(Beginning of MATERIAL FOR THE TASK)

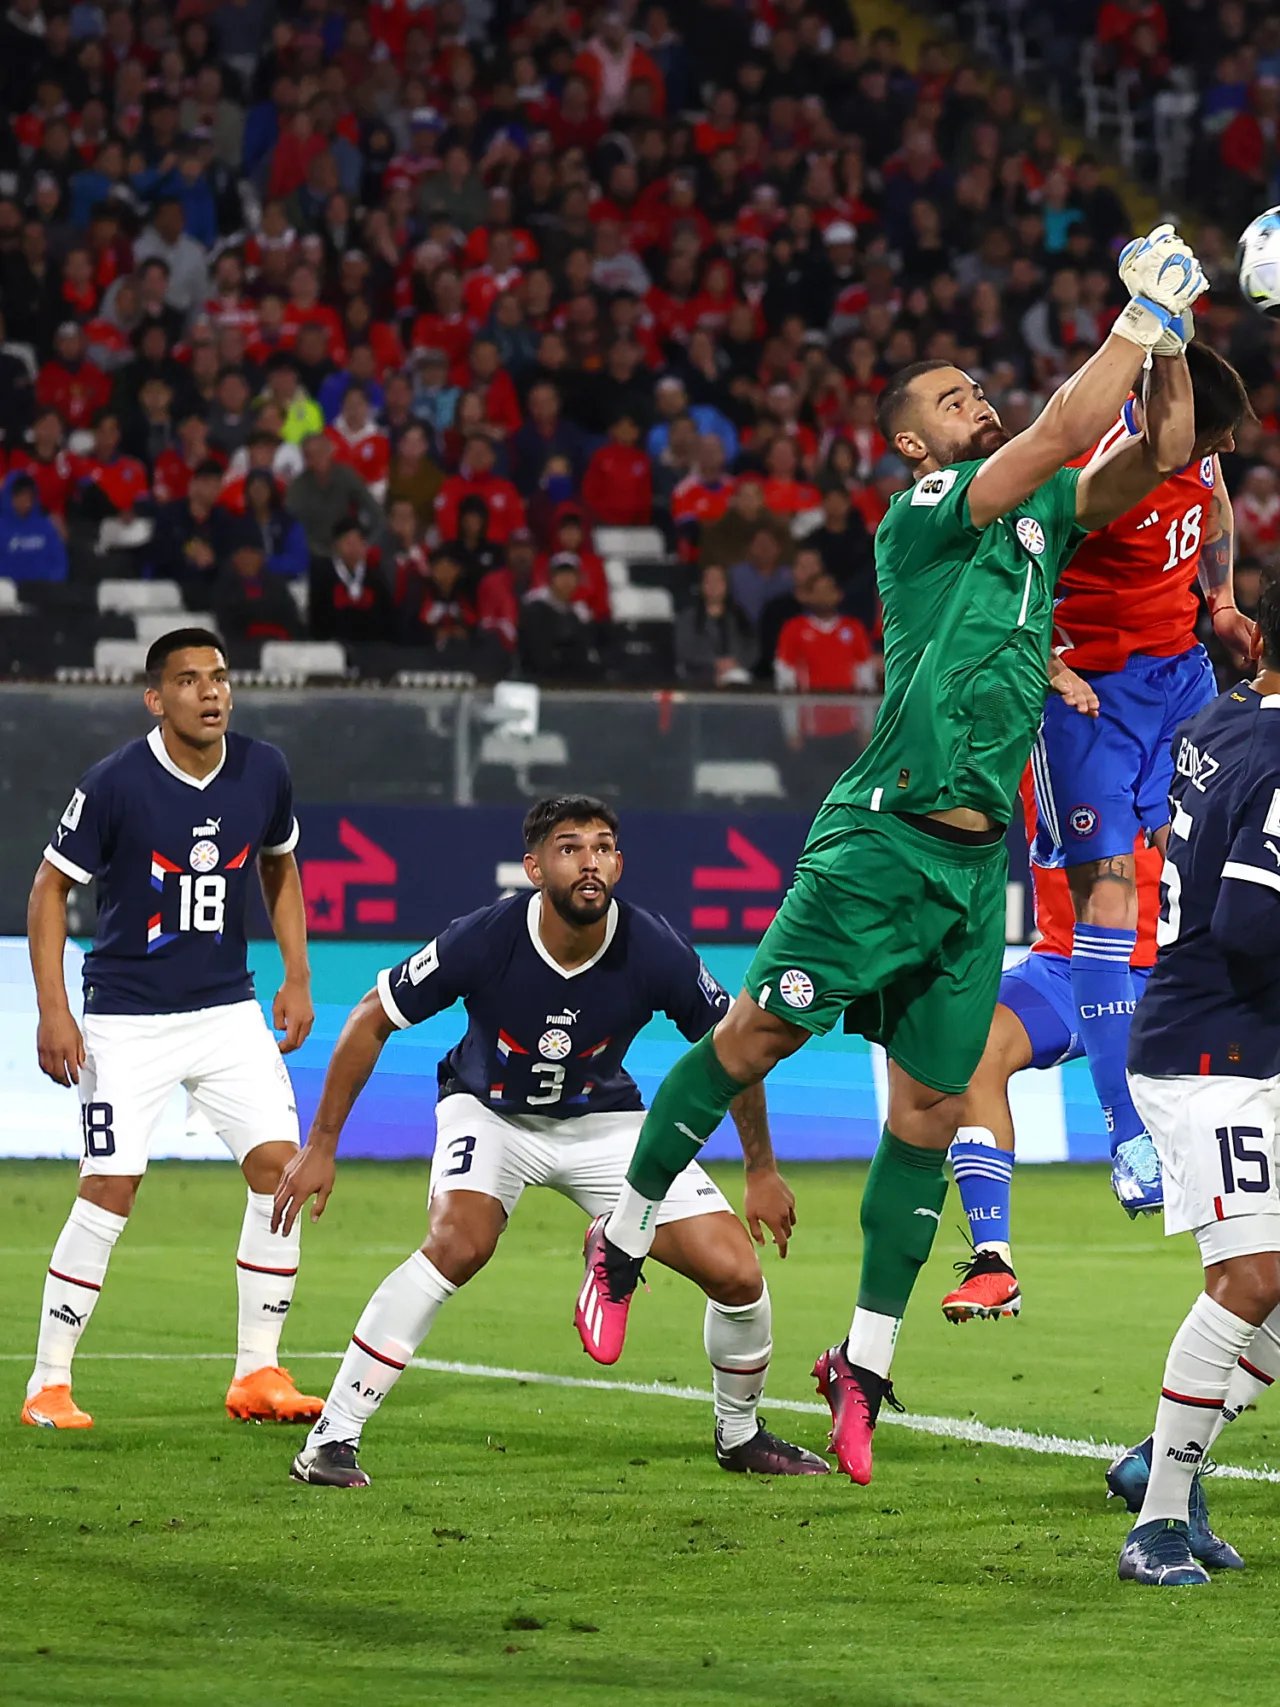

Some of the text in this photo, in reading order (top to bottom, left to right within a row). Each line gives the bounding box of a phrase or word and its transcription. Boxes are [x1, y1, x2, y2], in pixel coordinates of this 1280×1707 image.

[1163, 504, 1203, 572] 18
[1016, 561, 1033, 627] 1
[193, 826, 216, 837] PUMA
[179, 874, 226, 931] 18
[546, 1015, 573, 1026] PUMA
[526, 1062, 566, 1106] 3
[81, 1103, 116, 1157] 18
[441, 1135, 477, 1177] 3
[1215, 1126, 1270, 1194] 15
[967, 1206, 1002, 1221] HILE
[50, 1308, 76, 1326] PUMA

(End of MATERIAL FOR THE TASK)

* [YOUR INSTRUCTIONS]: Copy every record exactly; no pictures.

* [TASK ANSWER]:
Some of the text in this photo, in reading order (top to bottom, left to right within a row). Each line gives the bounding box of a phrase or word and its transcription. Boxes are [x1, y1, x2, y2], in pixel coordinates of this 1280×1707 image.

[1163, 504, 1203, 572] 18
[1016, 561, 1033, 627] 1
[193, 826, 216, 837] PUMA
[179, 874, 226, 931] 18
[546, 1015, 573, 1026] PUMA
[526, 1062, 566, 1106] 3
[81, 1103, 116, 1157] 18
[441, 1135, 477, 1177] 3
[1215, 1126, 1270, 1194] 15
[967, 1206, 1002, 1221] HILE
[50, 1308, 76, 1326] PUMA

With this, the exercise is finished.